Phonon is the quantum mechanical description of the atomic oscillation that move through the lattice at a given frequency. Just like waves, phonon vibrations can be separated into the transverse and longitudinal directions. The concept of phonons has helped to explain many physical properties of crystalline solids, such as thermal conductivity. But there is still a lot yet to be discovered for amorphous materials.
“We know that longitudinal phonons exist everywhere, from solids, liquids, glass structures to gas. That’s why we can hear the sound. But for transverse phonons, since it is related to the shear of the materials, we only know they exist in crystalline solids. And not in gas, as we cannot shear the gas. But for amorphous materials and liquids, we are not sure,” said Professor Wang Xunli, Chair Professor and Head of Department of Physics at CityU, who is one of the leaders of this research to find out the nature of transverse phonons in amorphous materials.
The team carried out inelastic neutron scattering (INS) experiments to measure the atomic dynamics in zirconium-copper-aluminium (Zr-Cu-Al) metallic glass, using the most advanced chopper spectrometer at the Spallation Neutron Source, Oak Ridge National Laboratory, USA.
The team showed that, for the first time, transverse phonons exist at high-frequency in amorphous materials. This finding poses a challenge to the viewpoint that transverse phonons could only exist at low energies.

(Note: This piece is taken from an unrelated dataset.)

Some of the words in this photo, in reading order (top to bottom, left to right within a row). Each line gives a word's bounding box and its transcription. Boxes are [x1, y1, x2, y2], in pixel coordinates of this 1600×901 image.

To crosscheck their observation, the team ran a series of meticulous molecular dynamic simulations. Based on the molecular dynamic simulation results, they observed a correlation between the transverse phonon dynamics and the disordered structure in the testing of metallic glass. The apparent peak width of the transverse phonons follows the static structure factor (red dot curve synchronizes with the black curve in the upper graph in fig 4(a)). But no correlation was found for longitudinal phonons. Such correlation suggests that transverse phonons hold a key role in understanding the relationship between the atomic structure and atomic dynamics in amorphous materials.

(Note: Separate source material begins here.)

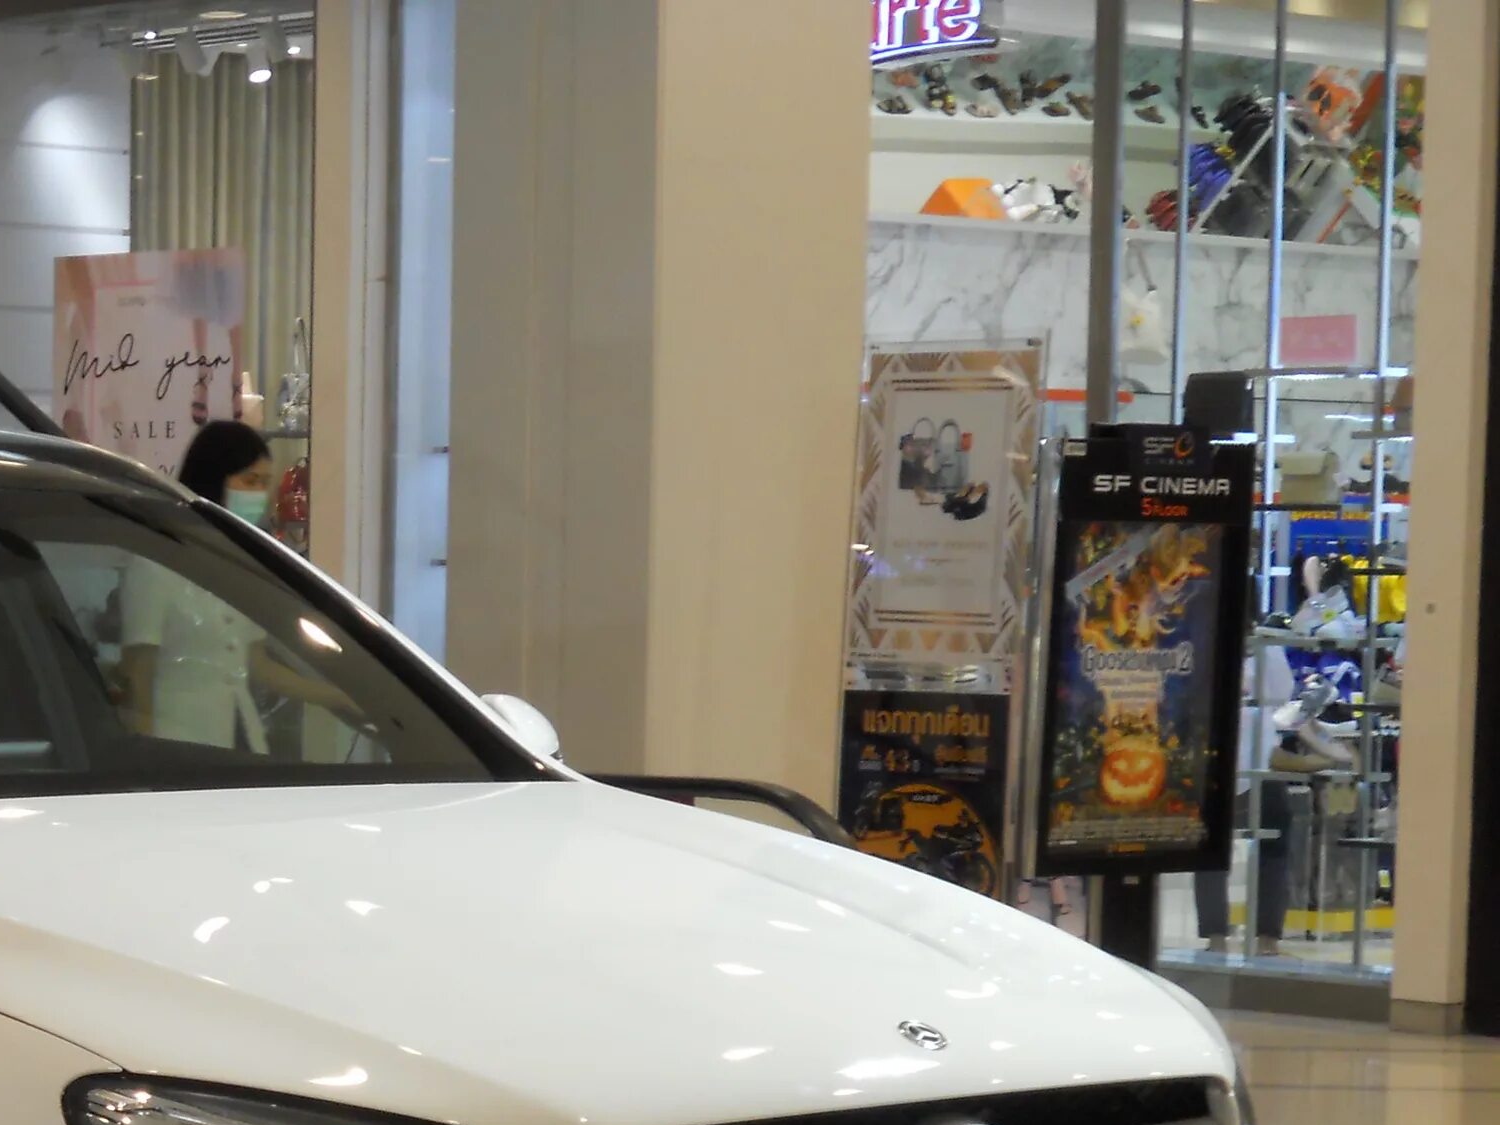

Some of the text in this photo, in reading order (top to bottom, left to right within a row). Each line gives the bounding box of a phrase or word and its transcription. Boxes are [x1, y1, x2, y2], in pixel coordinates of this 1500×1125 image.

The team obtained similar results when running the simulation on a generic model glass. This finding strongly suggested that that the correlation is not unique in metallic glass, but universal for amorphous materials.
“Due to the disordered atomic arrangement, the experimental study of the physical properties of amorphous materials has been very difficult. But thanks to the advance of the neutron scattering instrumentation, it provides us an opportunities to pursue the discoveries of amorphous materials,” said Professor Wang.

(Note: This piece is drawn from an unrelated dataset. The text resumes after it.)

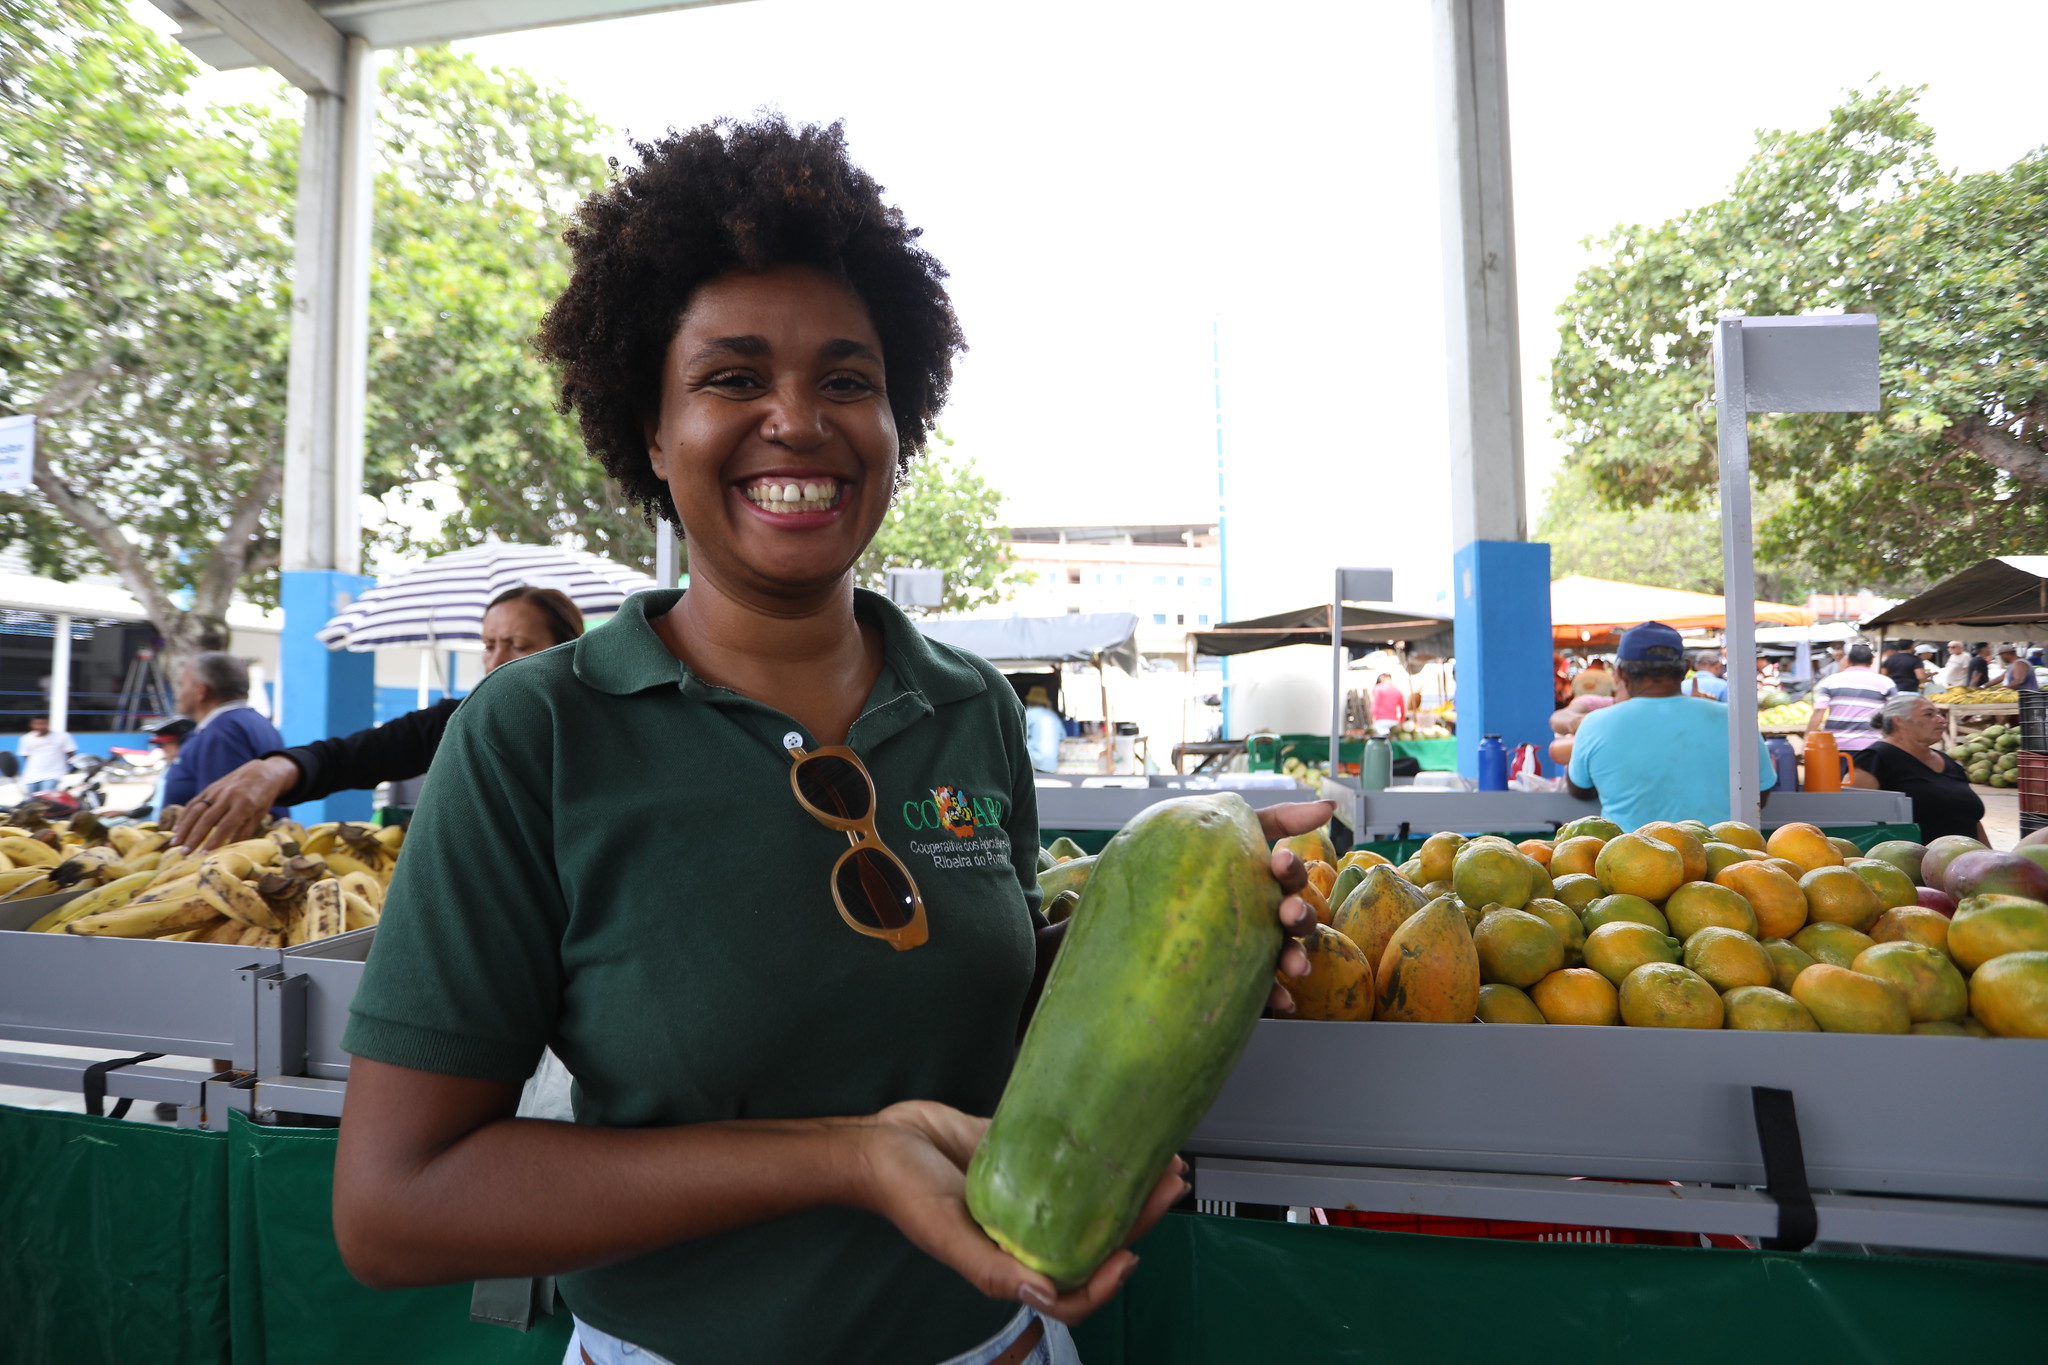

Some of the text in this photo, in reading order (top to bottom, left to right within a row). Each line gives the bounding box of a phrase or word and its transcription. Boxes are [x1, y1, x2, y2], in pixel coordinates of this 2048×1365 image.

[910, 840, 963, 855] Cooperativa
[964, 840, 979, 852] dos
[933, 854, 972, 869] Ribeira
[974, 853, 986, 865] do

Their findings were recently published in the scientific journal Physical Review Letters, titled “Observation of High-Frequency Transverse Phonons in Metallic Glasses”.
“There are many theories and models on the structure and dynamics of liquids and glass. Our research findings can provide a new guideline for the future development of theories and models related to the structure-dynamics relationship in glassy materials,” said Professor Wang.
Professor Wang and Professor Li Maozhi of Renmin University of China are the corresponding authors of the paper. The co-first authors are Li Xiyang, joint-PhD student of CityU and Institute of Physics, Chinese Academy of Sciences, Zhang Huaping from Renmin University of China, and Lan Si from CityU’s Department of Physics (currently in Nanjing University of Science and Technology). Other authors include Dr Douglas Abernathy of Oak Ridge National Laboratory (USA), Dr Toshiya Otomo of Japan Proton Accelerator Research Complex, and Dr Ren Yang of Argonne National Laboratory (USA).
The funding support for the study included the Croucher Foundation, Hong Kong Research Grant Council, and the National Natural Science Foundation of China.